The former member representing Anambra Central in the National Assembly, Senator Victor Umeh has bemoaned the exclusion of Southeast in the 22.7 billion loan requested by President Muhammadu Buhari for various projects across the country.

The Senate had last week, approved $22.7 billion as external borrowing plan, for the country out of the 22.7 billion requested by the Presidency, following the adoption of the report of the Committee on Local and Foreign Debts on the Federal Government’s borrowing plan at the floor of the Senate.

Southeast geo-political zone got zero allocation in the plan.

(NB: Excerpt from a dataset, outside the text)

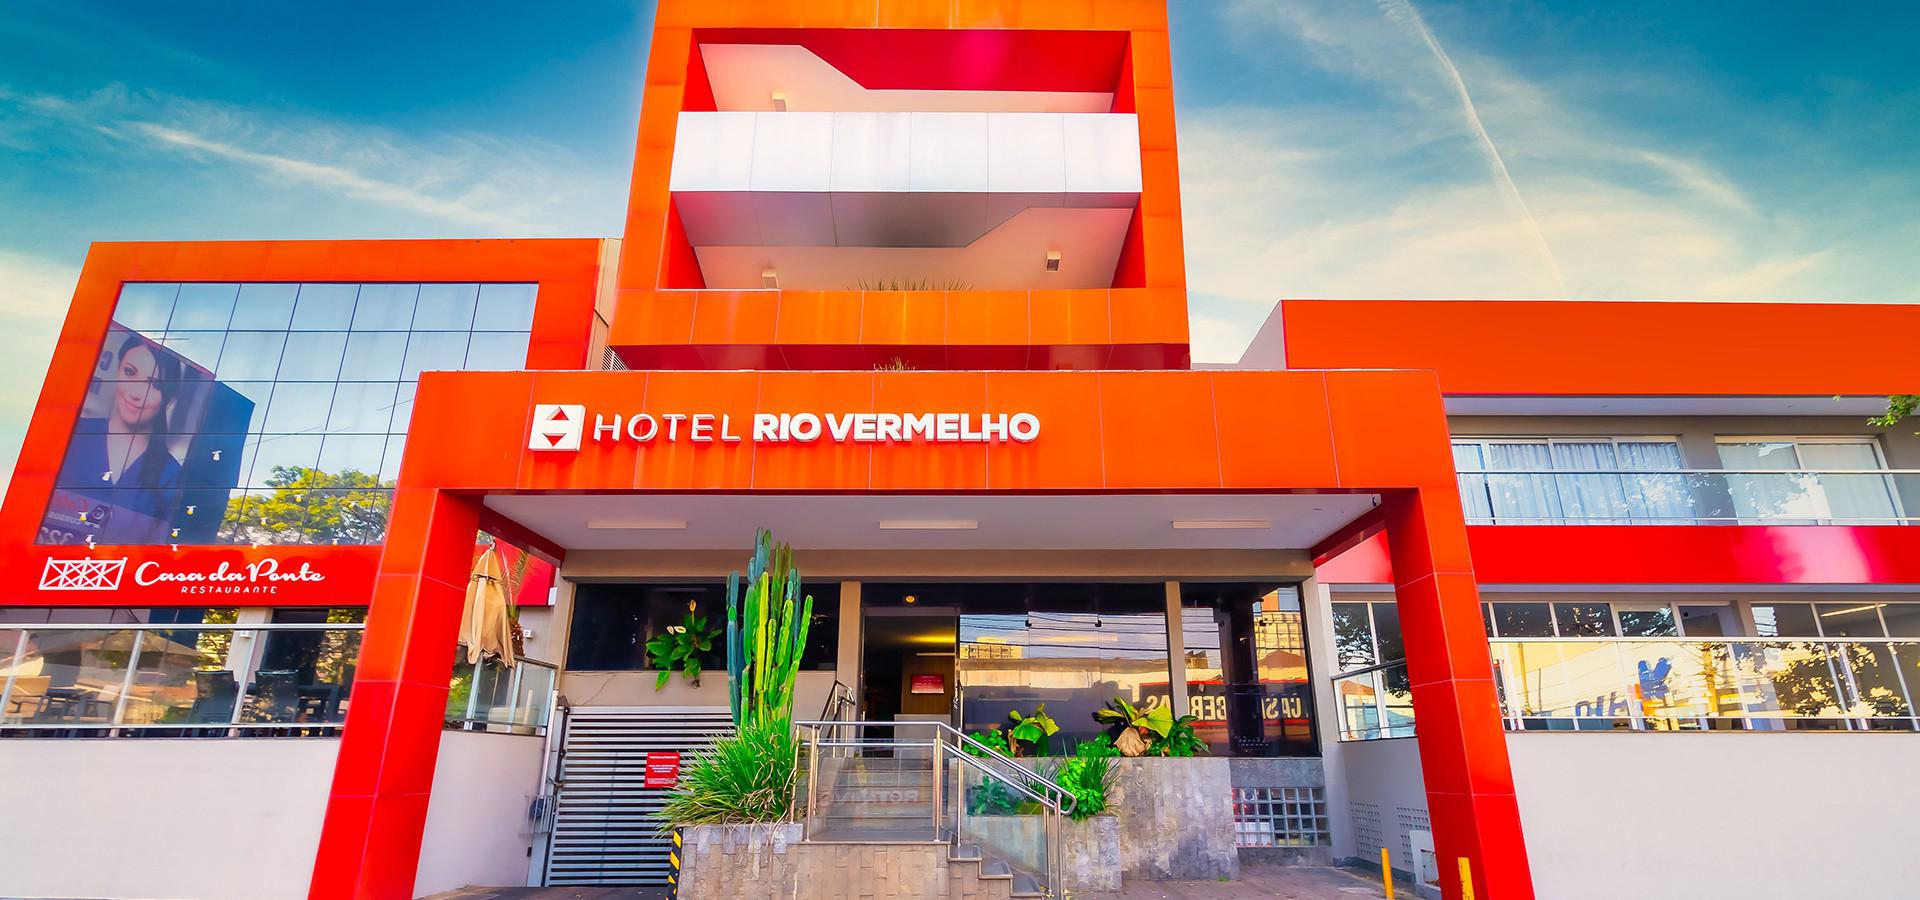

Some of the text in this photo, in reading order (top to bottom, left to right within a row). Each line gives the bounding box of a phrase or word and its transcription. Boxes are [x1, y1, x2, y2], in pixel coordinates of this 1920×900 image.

[592, 413, 1041, 444] HOTEL RIO VERMELHO
[134, 557, 326, 586] Casa da Ponte
[181, 585, 278, 595] RESTAURANTE
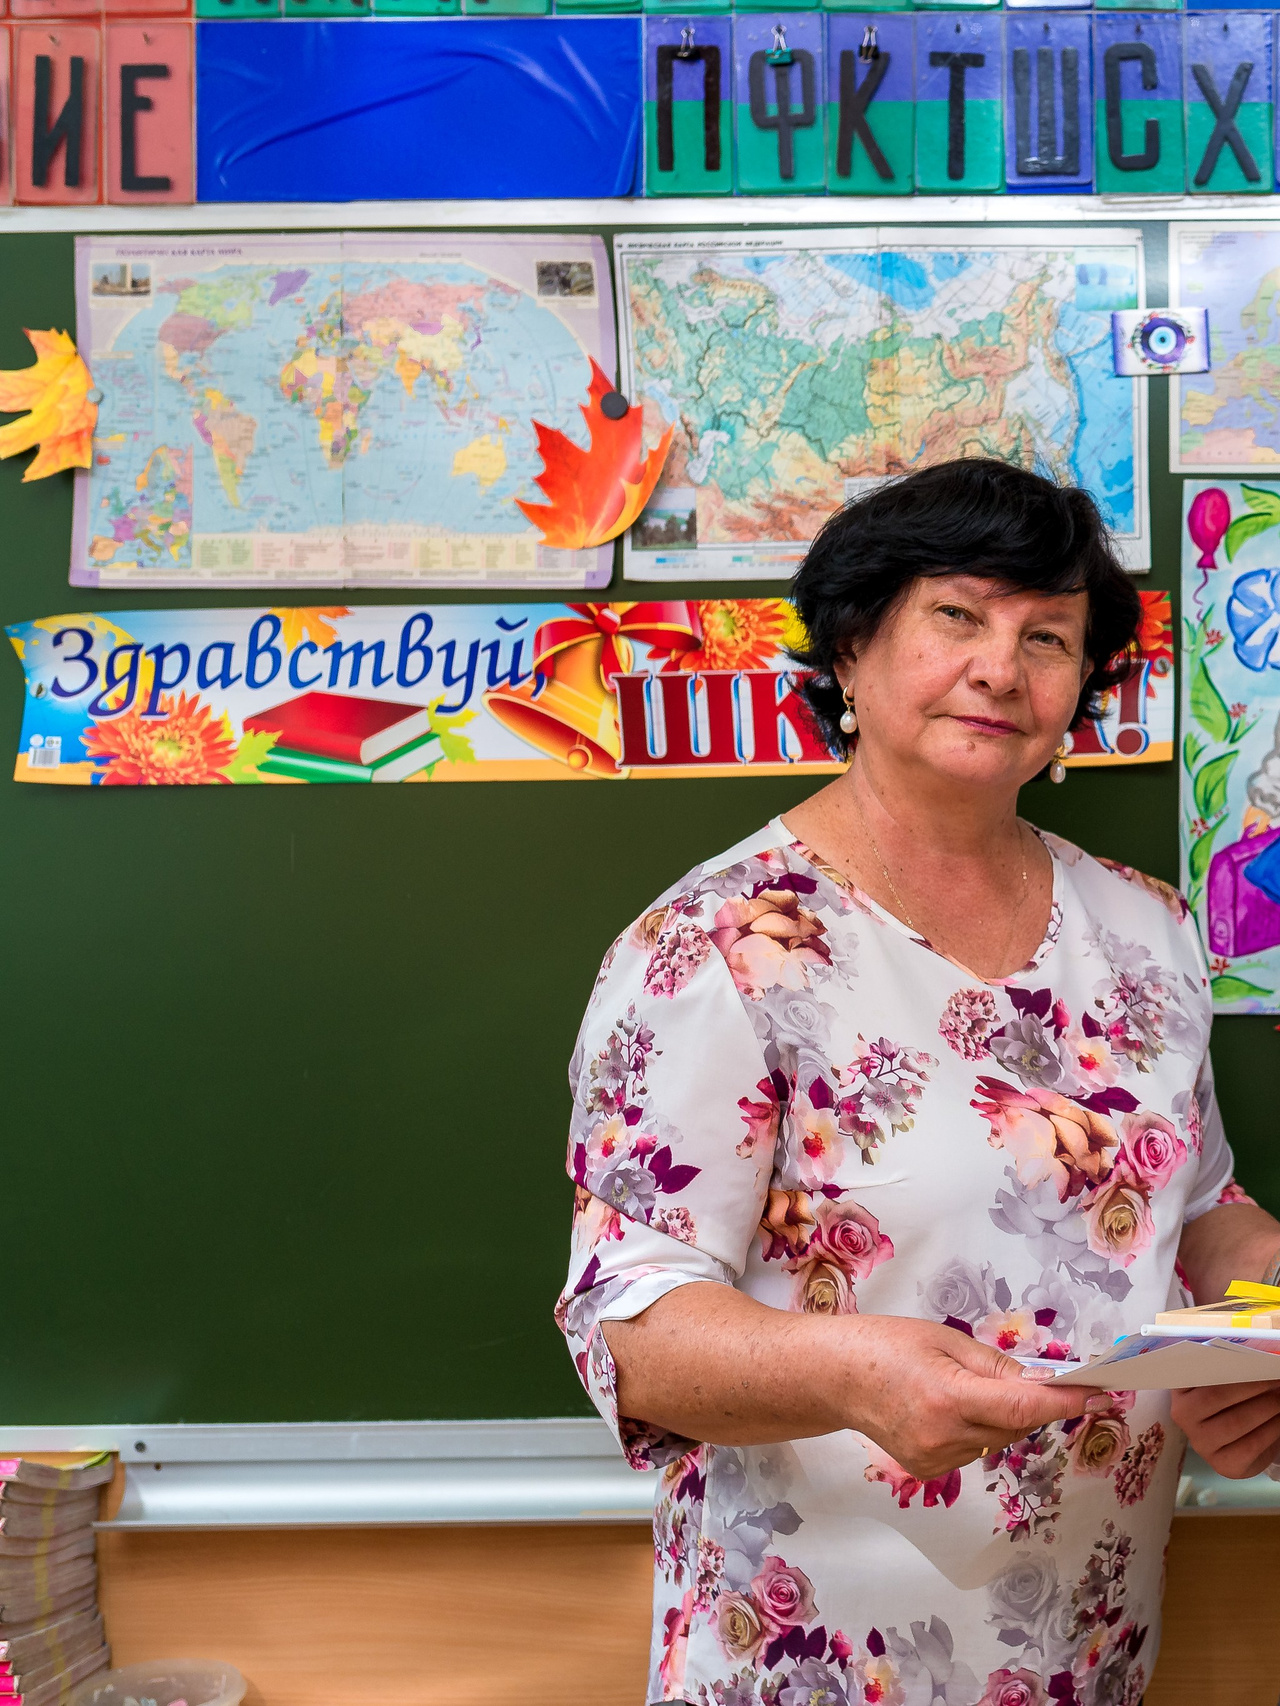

Reacting to the development, Senator Umeh who represented Anambra Central in the 8th Assembly, said it is unthinkable that only Southeast geo-political zone got zero allocation and the application was granted with ease in the Senate.

“When the 8th Assembly was at the verge of confirming EFCC board members on the 12th of December, 2018 without anybody from southeast and south-south, I vehemently opposed it and got support that forced the Senate into a closed-door session where the confirmation was dropped and the list was returned to the President for correction,” he recalled.

He maintained that the arguing such case as the exclusion of a zone from such benefits at the floor of the Senate does not require majority vote but a vehement insistence on constitutional adherence.

“It is not always true that the parliament uses a number to decide every matter before it. When an issue bothers on breach of equity and fairness and most importantly, on breach of principles of Federal Character enshrined in the constitution, a minority voice with a power of argument can stop the majority,” Umeh averred.

According to him, there is no voting on the loan request by way of calling for division, as people did not vote in support of the loan request.

“I would have insisted on grounds of breach of federal character principle. I would have stood my grounds and the senate would have heard my voice and corrected this injustice. That is what Senators are elected to do- to negotiate better living conditions for their people,” Umeh concluded.